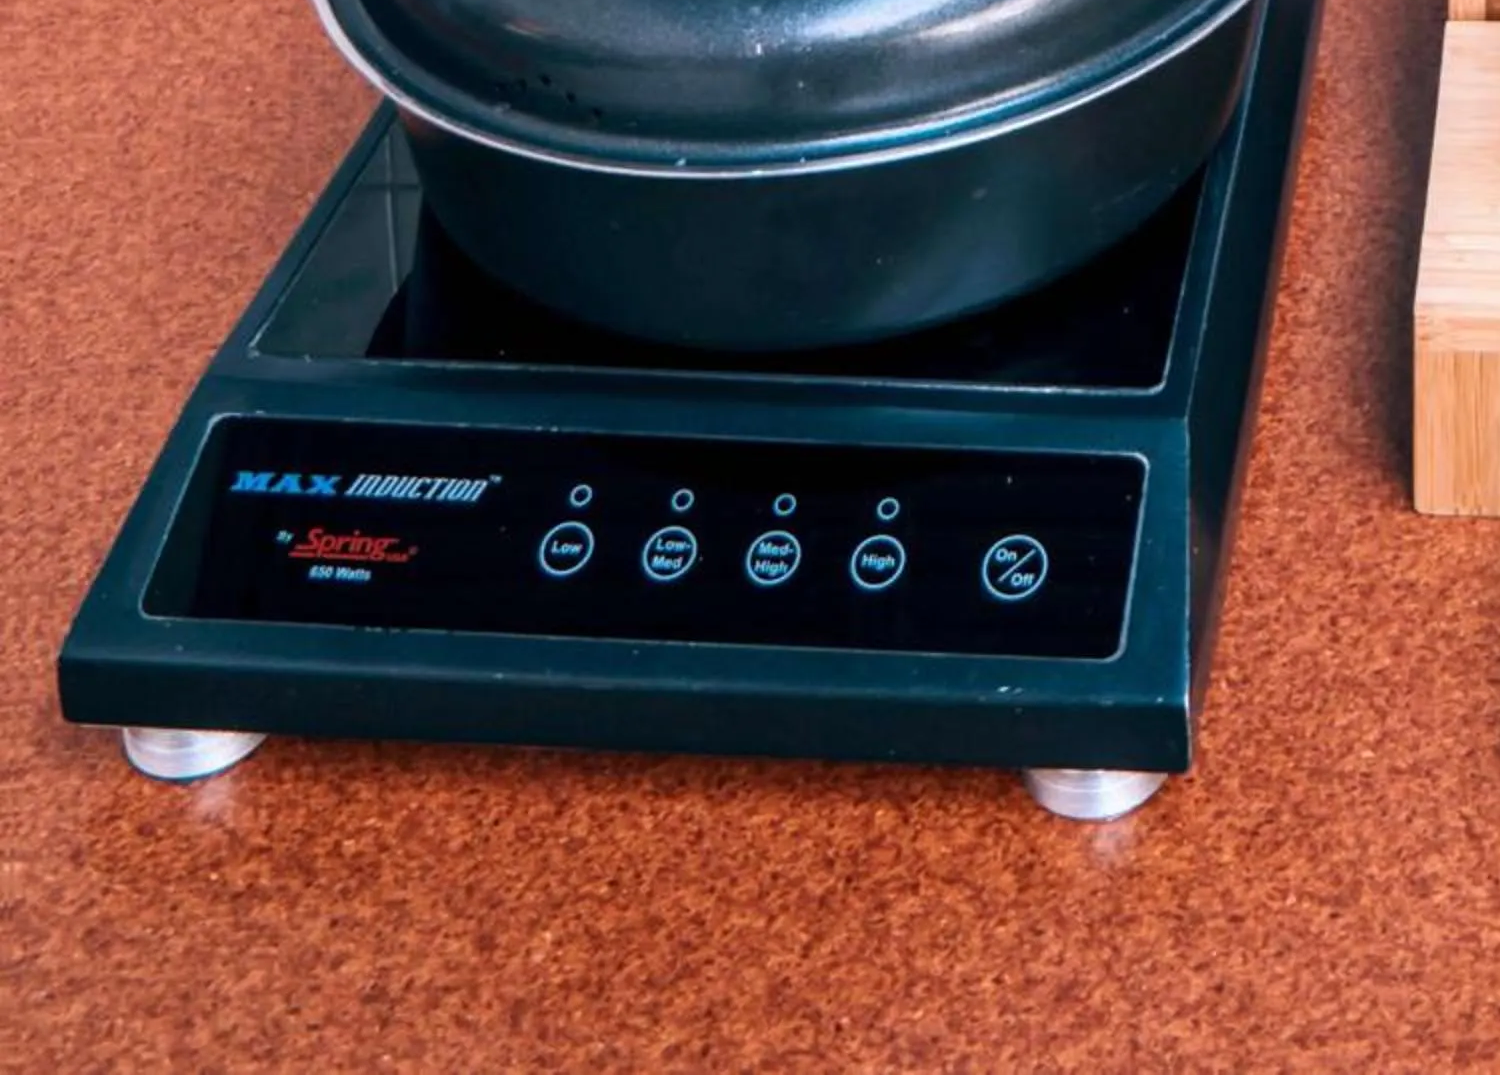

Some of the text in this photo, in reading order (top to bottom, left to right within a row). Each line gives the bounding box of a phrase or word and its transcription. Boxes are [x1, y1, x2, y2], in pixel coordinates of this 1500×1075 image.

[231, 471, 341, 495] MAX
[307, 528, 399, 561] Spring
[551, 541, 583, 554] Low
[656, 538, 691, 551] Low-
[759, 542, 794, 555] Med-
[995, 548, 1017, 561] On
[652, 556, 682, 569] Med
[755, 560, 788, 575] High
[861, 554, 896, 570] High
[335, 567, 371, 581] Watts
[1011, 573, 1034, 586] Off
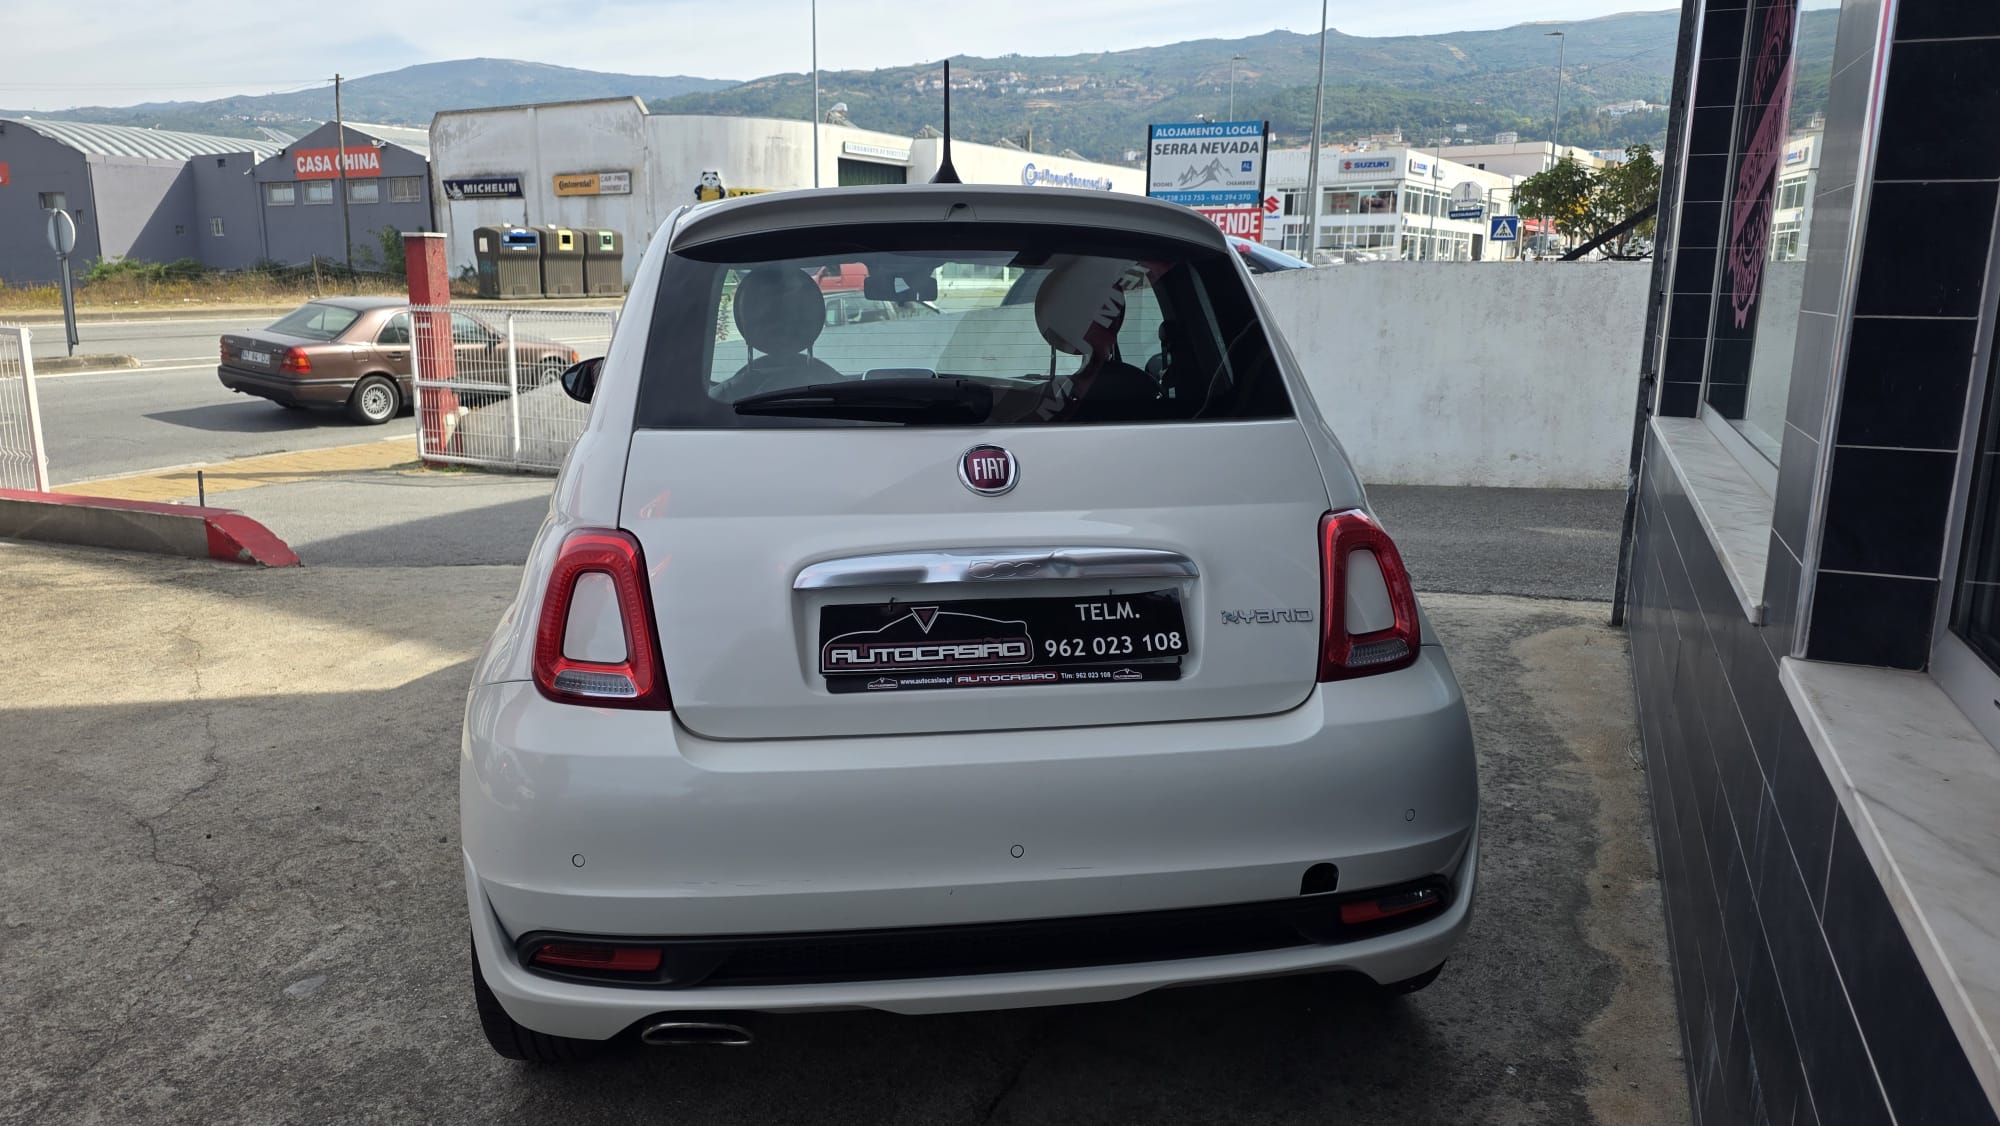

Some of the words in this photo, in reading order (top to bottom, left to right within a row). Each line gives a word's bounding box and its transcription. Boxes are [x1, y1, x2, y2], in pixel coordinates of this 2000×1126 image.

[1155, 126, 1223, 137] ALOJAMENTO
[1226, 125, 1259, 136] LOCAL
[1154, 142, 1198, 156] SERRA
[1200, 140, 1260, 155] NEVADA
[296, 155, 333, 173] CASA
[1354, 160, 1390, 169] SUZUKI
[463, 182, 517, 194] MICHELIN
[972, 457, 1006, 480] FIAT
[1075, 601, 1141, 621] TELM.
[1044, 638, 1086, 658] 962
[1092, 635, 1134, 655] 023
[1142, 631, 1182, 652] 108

Work instruction:
From the first line to the last, write out the data exactly, dropping any pictures.

Reply:
Some of the text in this photo, in reading order (top to bottom, left to right within a row). Each line gives the bounding box of a phrase or word and its transcription. Boxes are [x1, y1, x2, y2], in pixel coordinates of this 1500×1075 image.

[231, 471, 341, 495] MAX
[307, 528, 399, 561] Spring
[551, 541, 583, 554] Low
[656, 538, 691, 551] Low-
[759, 542, 794, 555] Med-
[995, 548, 1017, 561] On
[652, 556, 682, 569] Med
[755, 560, 788, 575] High
[861, 554, 896, 570] High
[335, 567, 371, 581] Watts
[1011, 573, 1034, 586] Off

Some of the words in this photo, in reading order (top to bottom, left to right within a row). Each line gives a word's bounding box and its transcription. Boxes are [x1, y1, x2, y2], in pixel coordinates of this 2000×1126 image.

[1155, 126, 1223, 137] ALOJAMENTO
[1226, 125, 1259, 136] LOCAL
[1154, 142, 1198, 156] SERRA
[1200, 140, 1260, 155] NEVADA
[296, 155, 333, 173] CASA
[1354, 160, 1390, 169] SUZUKI
[463, 182, 517, 194] MICHELIN
[972, 457, 1006, 480] FIAT
[1075, 601, 1141, 621] TELM.
[1044, 638, 1086, 658] 962
[1092, 635, 1134, 655] 023
[1142, 631, 1182, 652] 108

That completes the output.